Leaving the images aside, print every record in the material exactly.

=-=-=

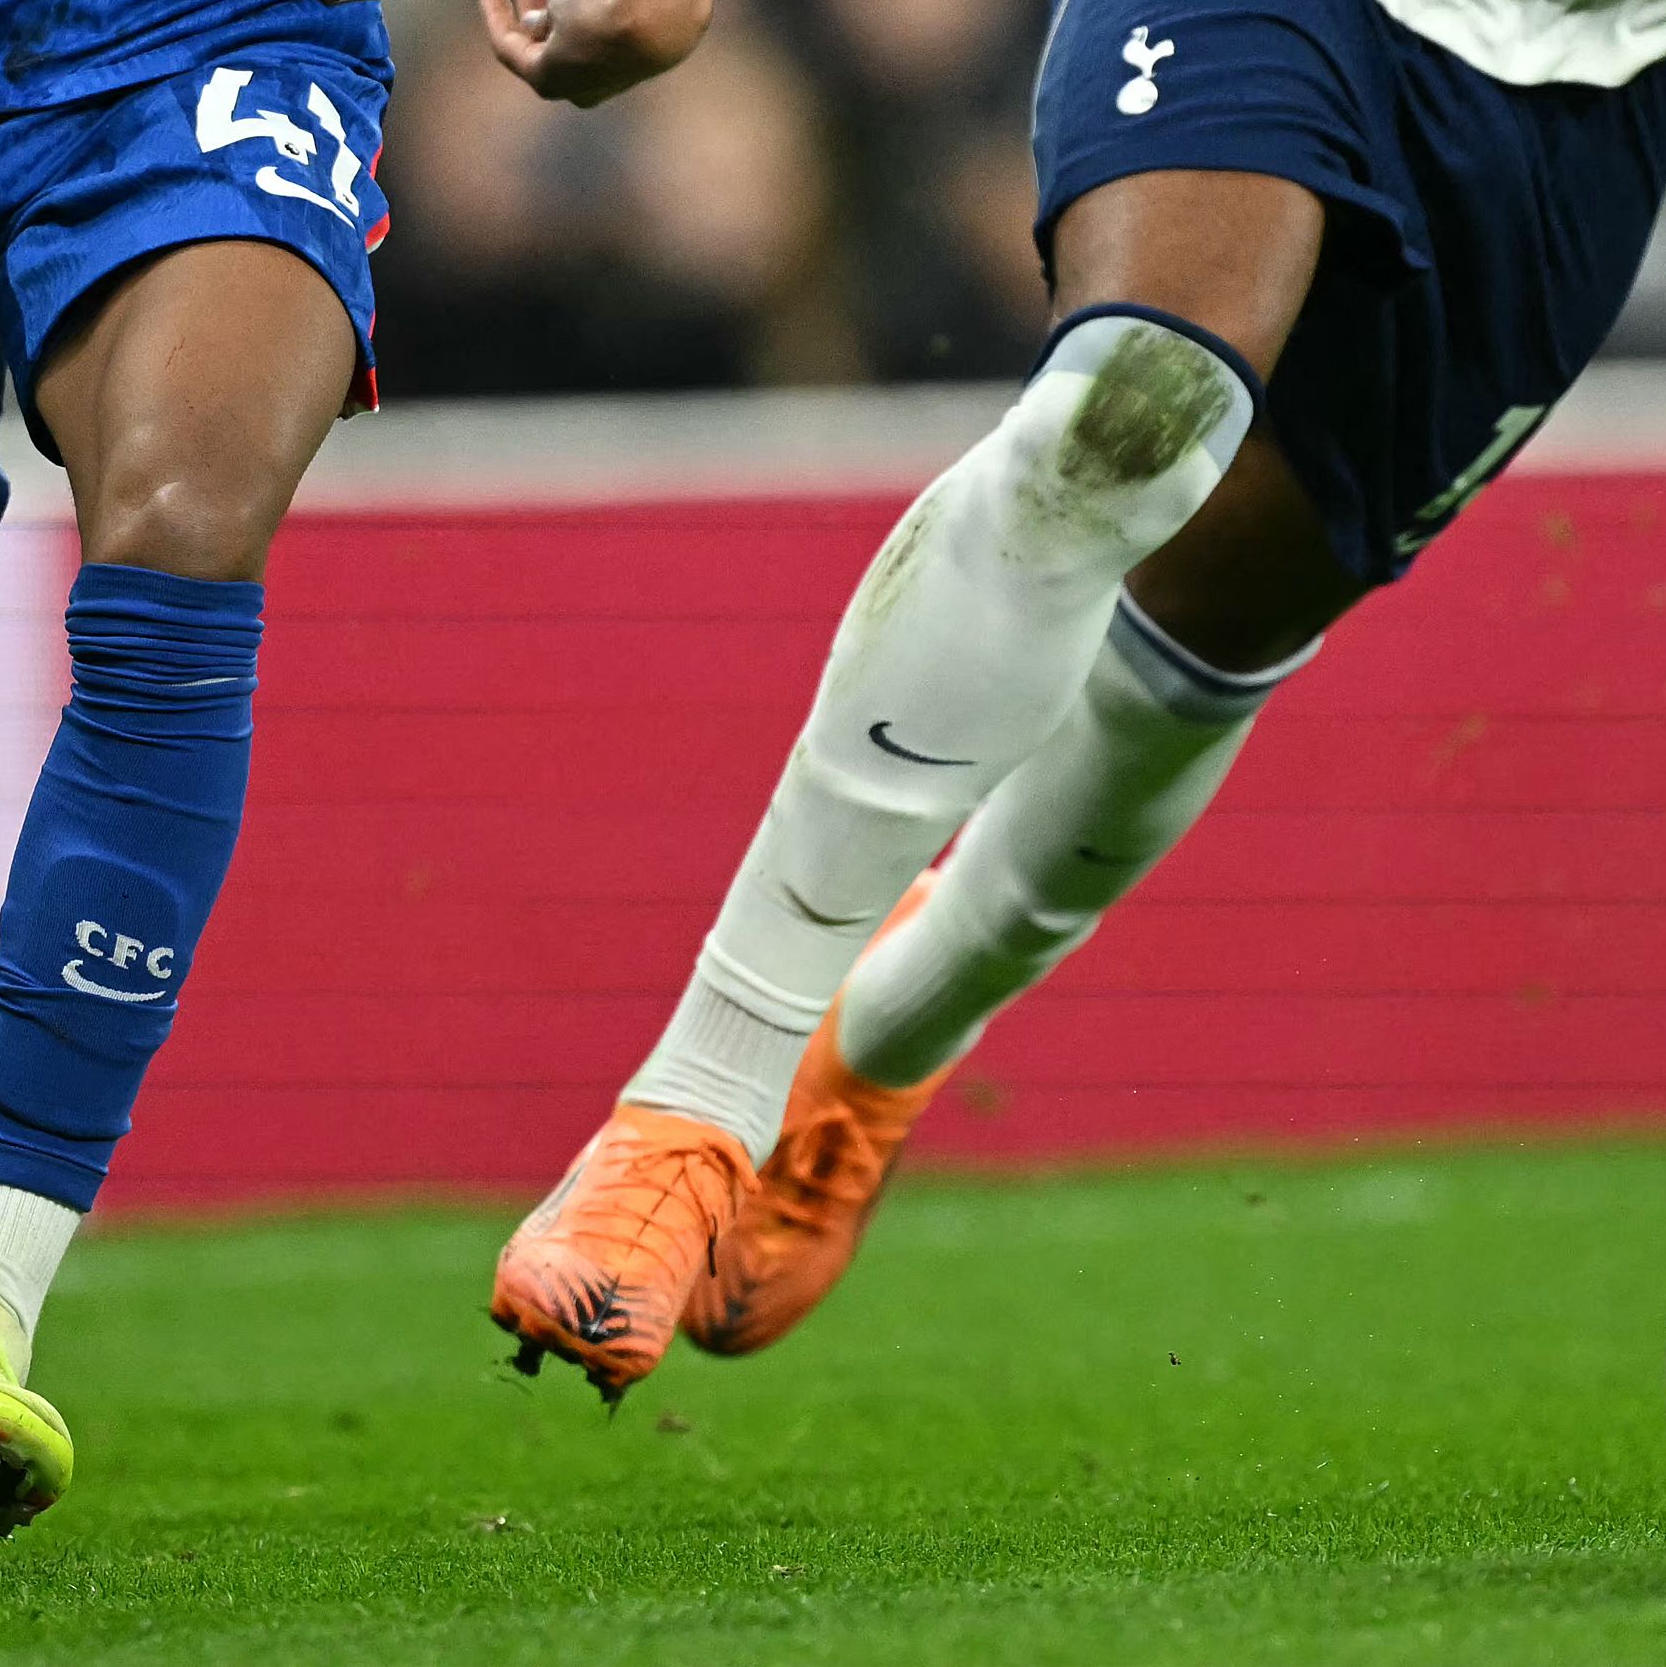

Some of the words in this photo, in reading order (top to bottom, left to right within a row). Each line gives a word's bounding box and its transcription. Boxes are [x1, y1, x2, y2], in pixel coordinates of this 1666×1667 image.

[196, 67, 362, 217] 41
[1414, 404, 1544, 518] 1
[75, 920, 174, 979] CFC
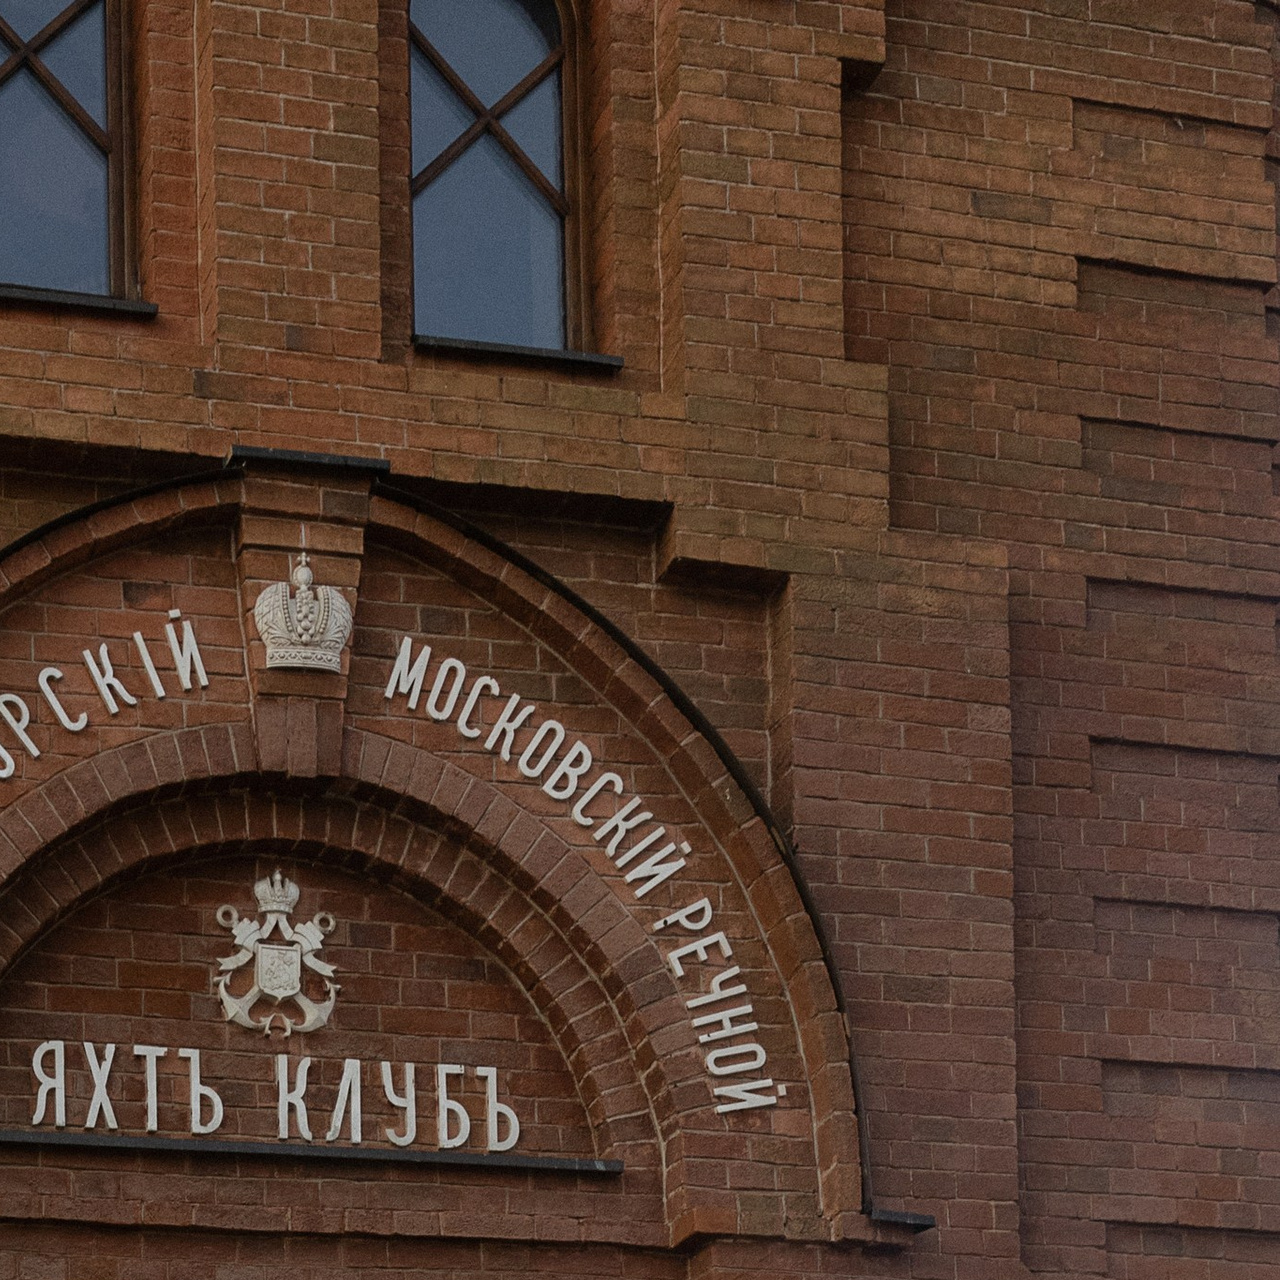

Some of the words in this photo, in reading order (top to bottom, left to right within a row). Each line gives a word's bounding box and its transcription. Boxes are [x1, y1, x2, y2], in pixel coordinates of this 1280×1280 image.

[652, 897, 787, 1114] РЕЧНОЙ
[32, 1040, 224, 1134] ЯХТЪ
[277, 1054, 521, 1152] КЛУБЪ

=-=-=

Exercise answer
Some of the words in this photo, in reading order (top to bottom, left to right within a row). Each line gives a word's bounding box and its transcription. Boxes are [x1, y1, x2, y2], in pixel coordinates of this 1666×1667 image.

[196, 67, 362, 217] 41
[1414, 404, 1544, 518] 1
[75, 920, 174, 979] CFC

Some of the words in this photo, in reading order (top to bottom, left to right within a row). Each line gives a word's bounding box and its transcription. Boxes are [x1, y1, x2, y2], in pixel coordinates of this 1280×1280 image.

[652, 897, 787, 1114] РЕЧНОЙ
[32, 1040, 224, 1134] ЯХТЪ
[277, 1054, 521, 1152] КЛУБЪ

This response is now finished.